● Problem to solve: The response should consist of the data reproduced word for word.

● Study material:
↓↓↓

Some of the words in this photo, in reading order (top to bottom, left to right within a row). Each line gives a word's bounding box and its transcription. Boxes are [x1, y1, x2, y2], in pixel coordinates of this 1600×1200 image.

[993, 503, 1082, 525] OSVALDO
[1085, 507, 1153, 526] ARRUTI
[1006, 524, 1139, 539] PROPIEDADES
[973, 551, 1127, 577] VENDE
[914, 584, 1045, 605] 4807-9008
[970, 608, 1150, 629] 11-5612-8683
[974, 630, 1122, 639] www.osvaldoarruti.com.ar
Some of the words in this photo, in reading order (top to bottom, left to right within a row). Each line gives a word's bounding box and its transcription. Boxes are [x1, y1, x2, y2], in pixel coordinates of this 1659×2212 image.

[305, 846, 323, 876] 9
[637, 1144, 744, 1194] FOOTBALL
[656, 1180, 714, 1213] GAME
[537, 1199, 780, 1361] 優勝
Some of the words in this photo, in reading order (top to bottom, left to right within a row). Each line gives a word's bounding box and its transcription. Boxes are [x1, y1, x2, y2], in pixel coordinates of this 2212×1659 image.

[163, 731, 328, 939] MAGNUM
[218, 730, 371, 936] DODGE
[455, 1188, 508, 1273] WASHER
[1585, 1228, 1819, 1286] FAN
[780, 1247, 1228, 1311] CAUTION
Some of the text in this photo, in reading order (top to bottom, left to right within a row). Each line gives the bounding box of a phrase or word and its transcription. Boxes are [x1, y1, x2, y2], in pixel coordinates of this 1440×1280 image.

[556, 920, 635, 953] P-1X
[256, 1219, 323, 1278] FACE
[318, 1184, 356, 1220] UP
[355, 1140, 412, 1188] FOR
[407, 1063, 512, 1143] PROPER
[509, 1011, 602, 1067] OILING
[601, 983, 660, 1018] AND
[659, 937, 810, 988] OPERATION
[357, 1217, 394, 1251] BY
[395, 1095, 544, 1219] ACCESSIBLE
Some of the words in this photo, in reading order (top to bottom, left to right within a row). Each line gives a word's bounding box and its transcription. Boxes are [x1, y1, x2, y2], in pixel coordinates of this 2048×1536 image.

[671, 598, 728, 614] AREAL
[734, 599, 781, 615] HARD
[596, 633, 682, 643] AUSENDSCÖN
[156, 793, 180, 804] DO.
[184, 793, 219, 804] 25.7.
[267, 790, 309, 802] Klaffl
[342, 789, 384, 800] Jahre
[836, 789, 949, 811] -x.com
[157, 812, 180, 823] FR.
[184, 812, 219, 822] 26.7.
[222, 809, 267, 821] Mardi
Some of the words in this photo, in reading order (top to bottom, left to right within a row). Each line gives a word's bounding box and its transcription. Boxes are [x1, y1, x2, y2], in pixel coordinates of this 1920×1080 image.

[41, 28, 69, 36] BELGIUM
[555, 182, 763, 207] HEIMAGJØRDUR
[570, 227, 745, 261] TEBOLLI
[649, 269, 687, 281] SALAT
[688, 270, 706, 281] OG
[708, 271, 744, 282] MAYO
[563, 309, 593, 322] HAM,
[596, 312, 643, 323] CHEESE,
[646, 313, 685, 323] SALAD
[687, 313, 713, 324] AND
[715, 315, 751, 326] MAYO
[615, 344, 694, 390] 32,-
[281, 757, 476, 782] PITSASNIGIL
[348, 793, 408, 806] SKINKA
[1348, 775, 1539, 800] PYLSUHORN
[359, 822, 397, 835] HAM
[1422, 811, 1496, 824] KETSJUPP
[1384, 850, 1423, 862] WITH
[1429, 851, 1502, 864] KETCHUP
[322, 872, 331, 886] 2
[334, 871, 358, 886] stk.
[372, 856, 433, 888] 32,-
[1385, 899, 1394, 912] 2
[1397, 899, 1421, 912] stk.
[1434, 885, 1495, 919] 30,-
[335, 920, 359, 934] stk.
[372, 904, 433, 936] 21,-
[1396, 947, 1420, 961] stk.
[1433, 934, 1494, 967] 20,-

↑↑↑

● Output for this task:
Some of the words in this photo, in reading order (top to bottom, left to right within a row). Each line gives a word's bounding box and its transcription. Boxes are [x1, y1, x2, y2], in pixel coordinates of this 1600×1200 image.

[993, 503, 1082, 525] OSVALDO
[1085, 507, 1153, 526] ARRUTI
[1006, 524, 1139, 539] PROPIEDADES
[973, 551, 1127, 577] VENDE
[914, 584, 1045, 605] 4807-9008
[970, 608, 1150, 629] 11-5612-8683
[974, 630, 1122, 639] www.osvaldoarruti.com.ar
Some of the words in this photo, in reading order (top to bottom, left to right within a row). Each line gives a word's bounding box and its transcription. Boxes are [x1, y1, x2, y2], in pixel coordinates of this 1659×2212 image.

[305, 846, 323, 876] 9
[637, 1144, 744, 1194] FOOTBALL
[656, 1180, 714, 1213] GAME
[537, 1199, 780, 1361] 優勝
Some of the words in this photo, in reading order (top to bottom, left to right within a row). Each line gives a word's bounding box and its transcription. Boxes are [x1, y1, x2, y2], in pixel coordinates of this 2212×1659 image.

[163, 731, 328, 939] MAGNUM
[218, 730, 371, 936] DODGE
[455, 1188, 508, 1273] WASHER
[1585, 1228, 1819, 1286] FAN
[780, 1247, 1228, 1311] CAUTION
Some of the text in this photo, in reading order (top to bottom, left to right within a row). Each line gives the bounding box of a phrase or word and its transcription. Boxes are [x1, y1, x2, y2], in pixel coordinates of this 1440×1280 image.

[556, 920, 635, 953] P-1X
[256, 1219, 323, 1278] FACE
[318, 1184, 356, 1220] UP
[355, 1140, 412, 1188] FOR
[407, 1063, 512, 1143] PROPER
[509, 1011, 602, 1067] OILING
[601, 983, 660, 1018] AND
[659, 937, 810, 988] OPERATION
[357, 1217, 394, 1251] BY
[395, 1095, 544, 1219] ACCESSIBLE
Some of the words in this photo, in reading order (top to bottom, left to right within a row). Each line gives a word's bounding box and its transcription. Boxes are [x1, y1, x2, y2], in pixel coordinates of this 2048×1536 image.

[671, 598, 728, 614] AREAL
[734, 599, 781, 615] HARD
[596, 633, 682, 643] AUSENDSCÖN
[156, 793, 180, 804] DO.
[184, 793, 219, 804] 25.7.
[267, 790, 309, 802] Klaffl
[342, 789, 384, 800] Jahre
[836, 789, 949, 811] -x.com
[157, 812, 180, 823] FR.
[184, 812, 219, 822] 26.7.
[222, 809, 267, 821] Mardi
Some of the words in this photo, in reading order (top to bottom, left to right within a row). Each line gives a word's bounding box and its transcription. Boxes are [x1, y1, x2, y2], in pixel coordinates of this 1920×1080 image.

[41, 28, 69, 36] BELGIUM
[555, 182, 763, 207] HEIMAGJØRDUR
[570, 227, 745, 261] TEBOLLI
[649, 269, 687, 281] SALAT
[688, 270, 706, 281] OG
[708, 271, 744, 282] MAYO
[563, 309, 593, 322] HAM,
[596, 312, 643, 323] CHEESE,
[646, 313, 685, 323] SALAD
[687, 313, 713, 324] AND
[715, 315, 751, 326] MAYO
[615, 344, 694, 390] 32,-
[281, 757, 476, 782] PITSASNIGIL
[348, 793, 408, 806] SKINKA
[1348, 775, 1539, 800] PYLSUHORN
[359, 822, 397, 835] HAM
[1422, 811, 1496, 824] KETSJUPP
[1384, 850, 1423, 862] WITH
[1429, 851, 1502, 864] KETCHUP
[322, 872, 331, 886] 2
[334, 871, 358, 886] stk.
[372, 856, 433, 888] 32,-
[1385, 899, 1394, 912] 2
[1397, 899, 1421, 912] stk.
[1434, 885, 1495, 919] 30,-
[335, 920, 359, 934] stk.
[372, 904, 433, 936] 21,-
[1396, 947, 1420, 961] stk.
[1433, 934, 1494, 967] 20,-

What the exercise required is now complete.